And then, gradually, to the ever-increasing agony of the body, came
the anguish of REMORSE. He remembered the trembling little creatures
which again and again he had lifted to their bed of torment, and "made
to struggle," that he might observe how the heart-beats of a mutilated
animal were quickened "from the emotion of terror"; and now, in the
gloom of horrible imaginings, TERROR held HIM with a grasp that would
never loosen or lessen while his consciousness remained.
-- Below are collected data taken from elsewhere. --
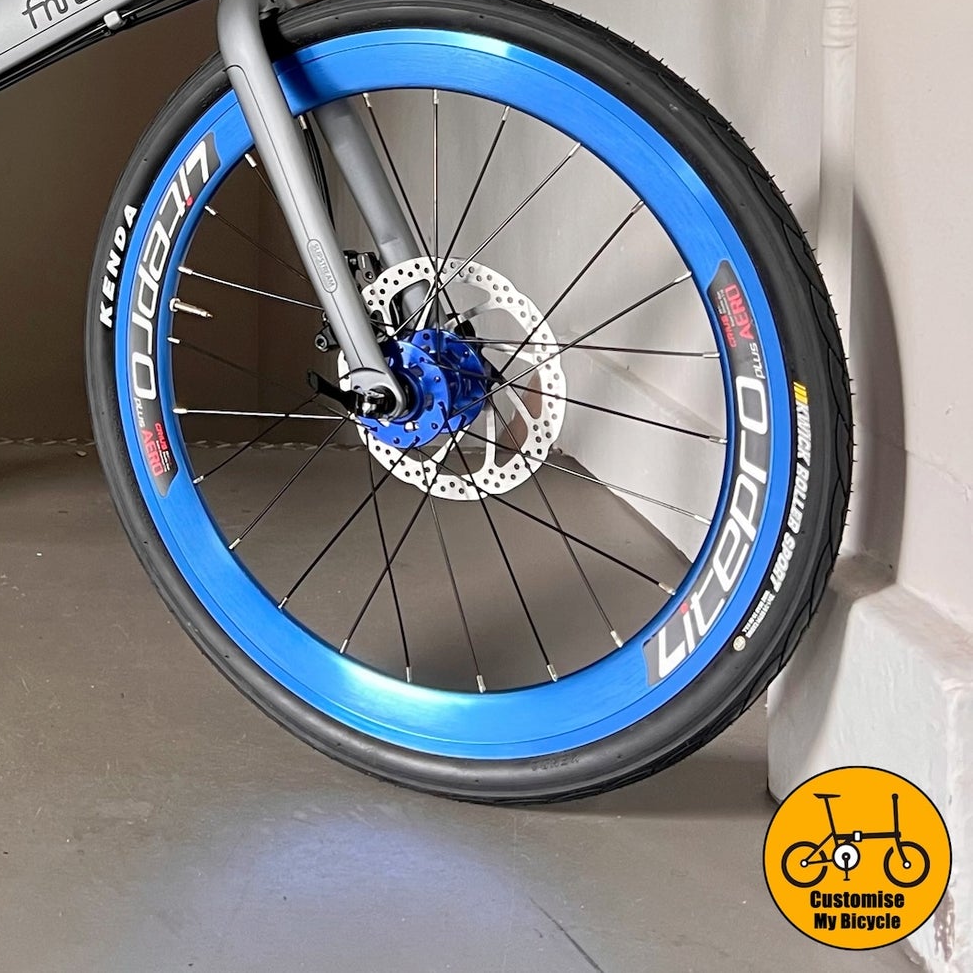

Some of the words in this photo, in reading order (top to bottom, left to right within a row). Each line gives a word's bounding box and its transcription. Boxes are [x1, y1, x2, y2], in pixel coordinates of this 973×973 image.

[98, 203, 139, 329] KENDA
[130, 140, 212, 402] Litepro
[724, 283, 755, 341] AERO
[141, 428, 165, 478] AERO
[655, 373, 769, 680] Litepro
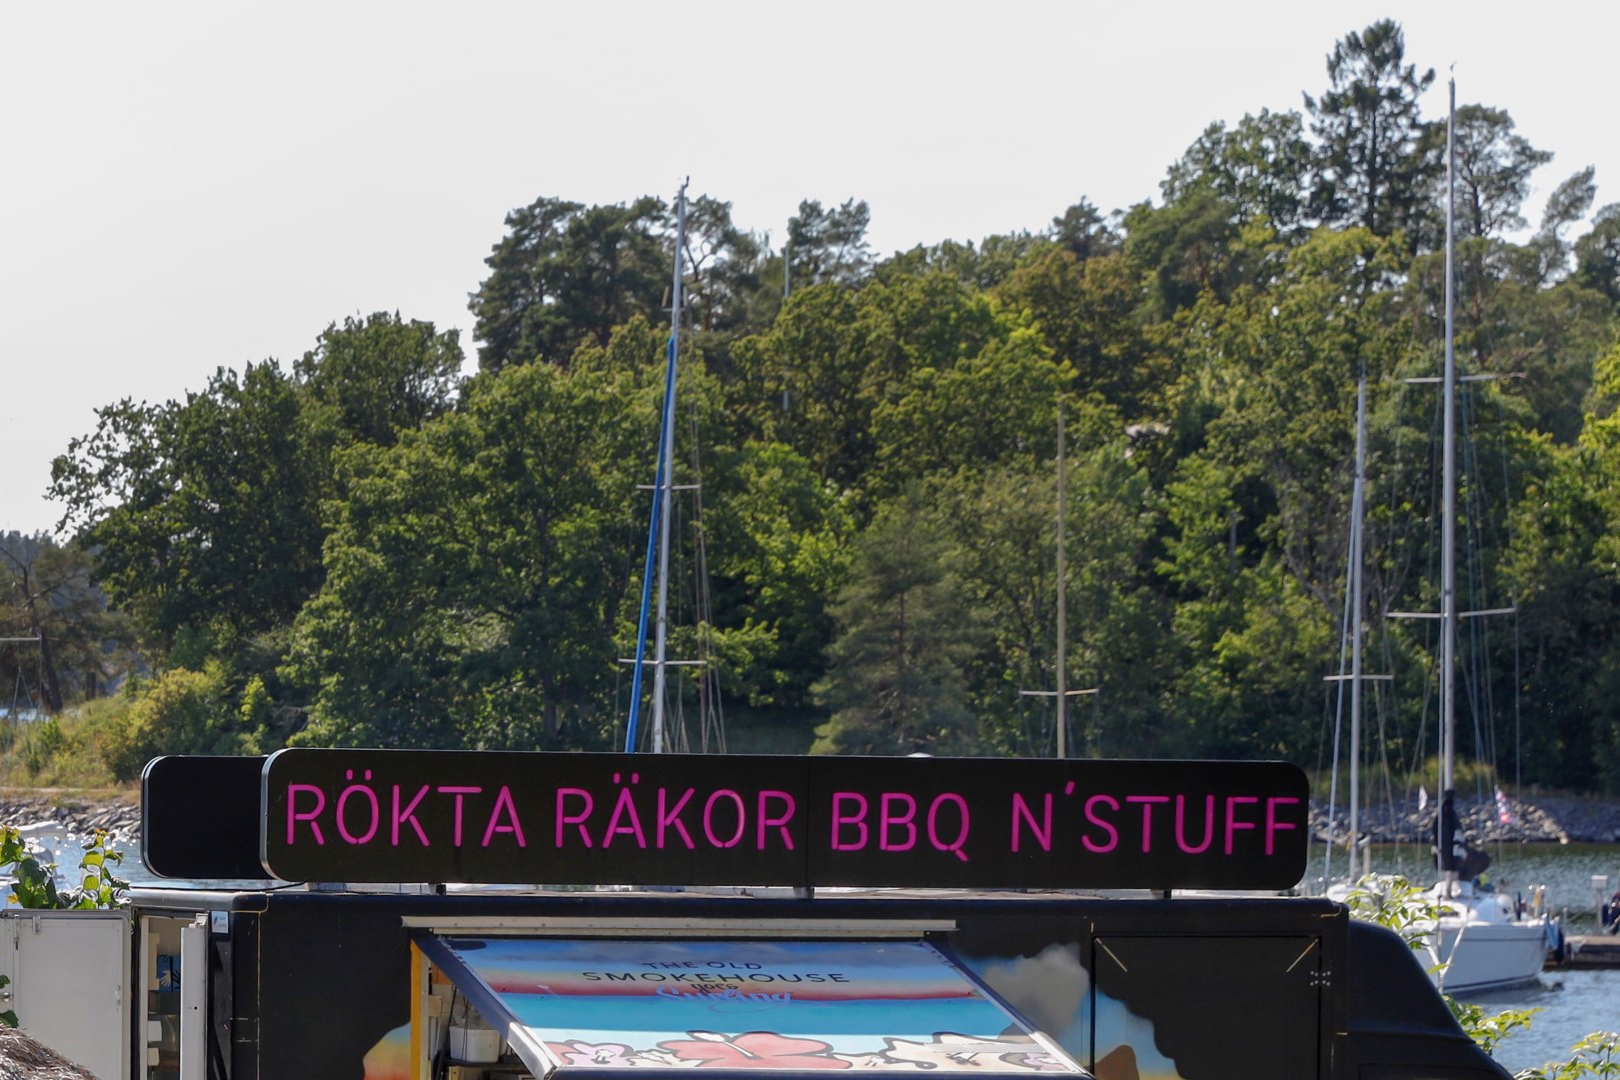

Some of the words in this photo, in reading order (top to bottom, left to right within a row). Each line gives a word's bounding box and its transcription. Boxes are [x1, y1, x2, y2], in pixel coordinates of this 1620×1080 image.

[287, 769, 527, 847] RÖKTA
[555, 773, 796, 850] RÄKOR
[830, 791, 971, 862] BBQ
[642, 961, 698, 970] THE
[707, 960, 763, 970] OLD
[582, 971, 851, 983] SMOKEHOUSE
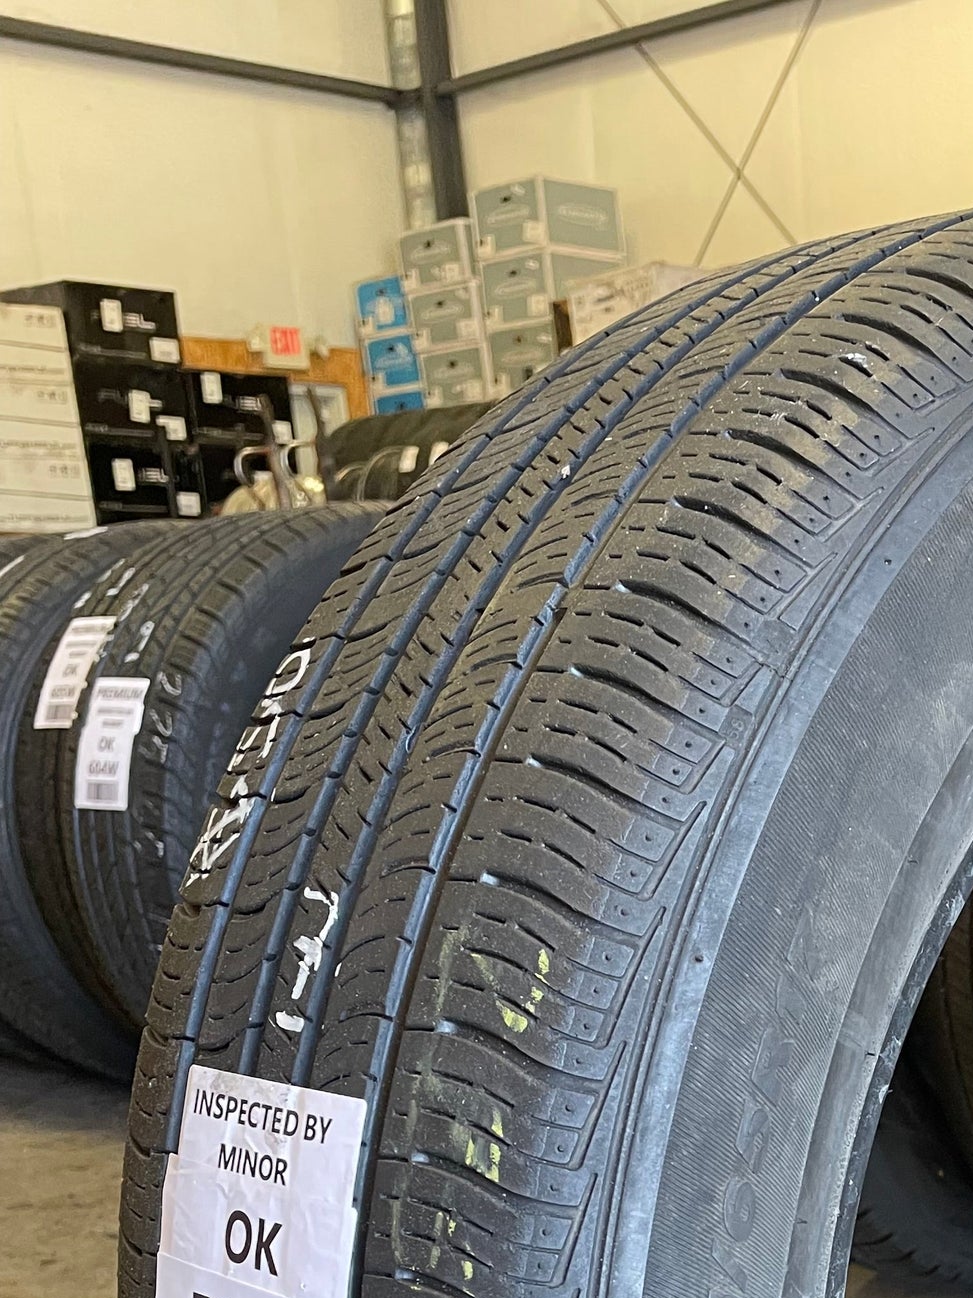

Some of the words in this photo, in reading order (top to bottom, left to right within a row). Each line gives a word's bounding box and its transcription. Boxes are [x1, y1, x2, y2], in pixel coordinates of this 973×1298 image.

[97, 736, 115, 751] OK
[193, 1087, 299, 1138] INSPECTED
[303, 1113, 333, 1144] BY
[217, 1143, 288, 1187] MINOR
[224, 1209, 283, 1278] OK
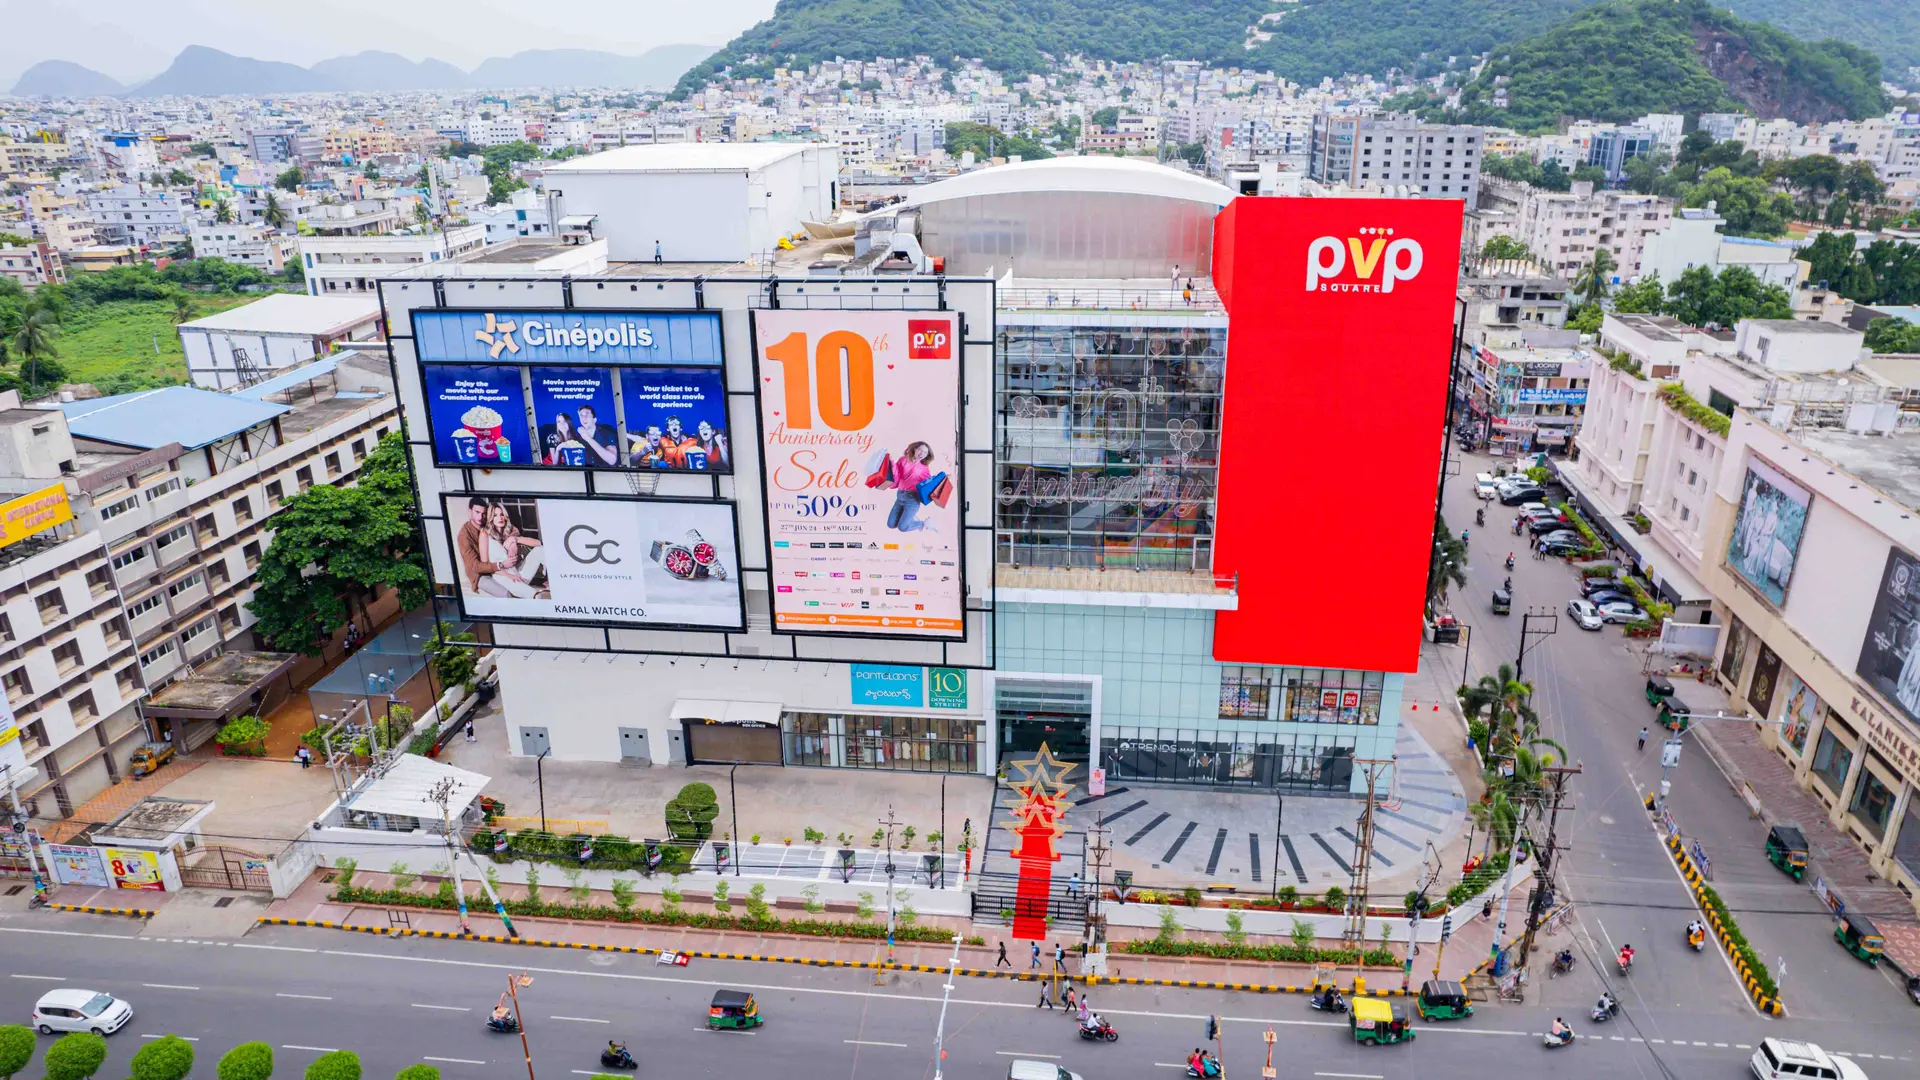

He
remembered the the evidence of "severe suffering" he had so often
evoked by the "pinching and cutting and stretching" of nerves; the
creatures he had first "caressed to calm their fears"--and then
vivisected; the eyes that so often had appealed for respite from
agony--and appealed in vain; and now, NATURA MALIGNA, to whom pity is
unknown, was slowly torturing him to death. He pointed to the seat of
his suffering as being "THE SAME NERVES on which he had made so many
experiments, and added: `THIS IS A JUDGMENT UPON ME FOR THE SUFFERING
I HAVE INFLICTED ON ANIMALS'"[1]
[1] "Life of John Reid," by Dr. G. Wilson, p. 273.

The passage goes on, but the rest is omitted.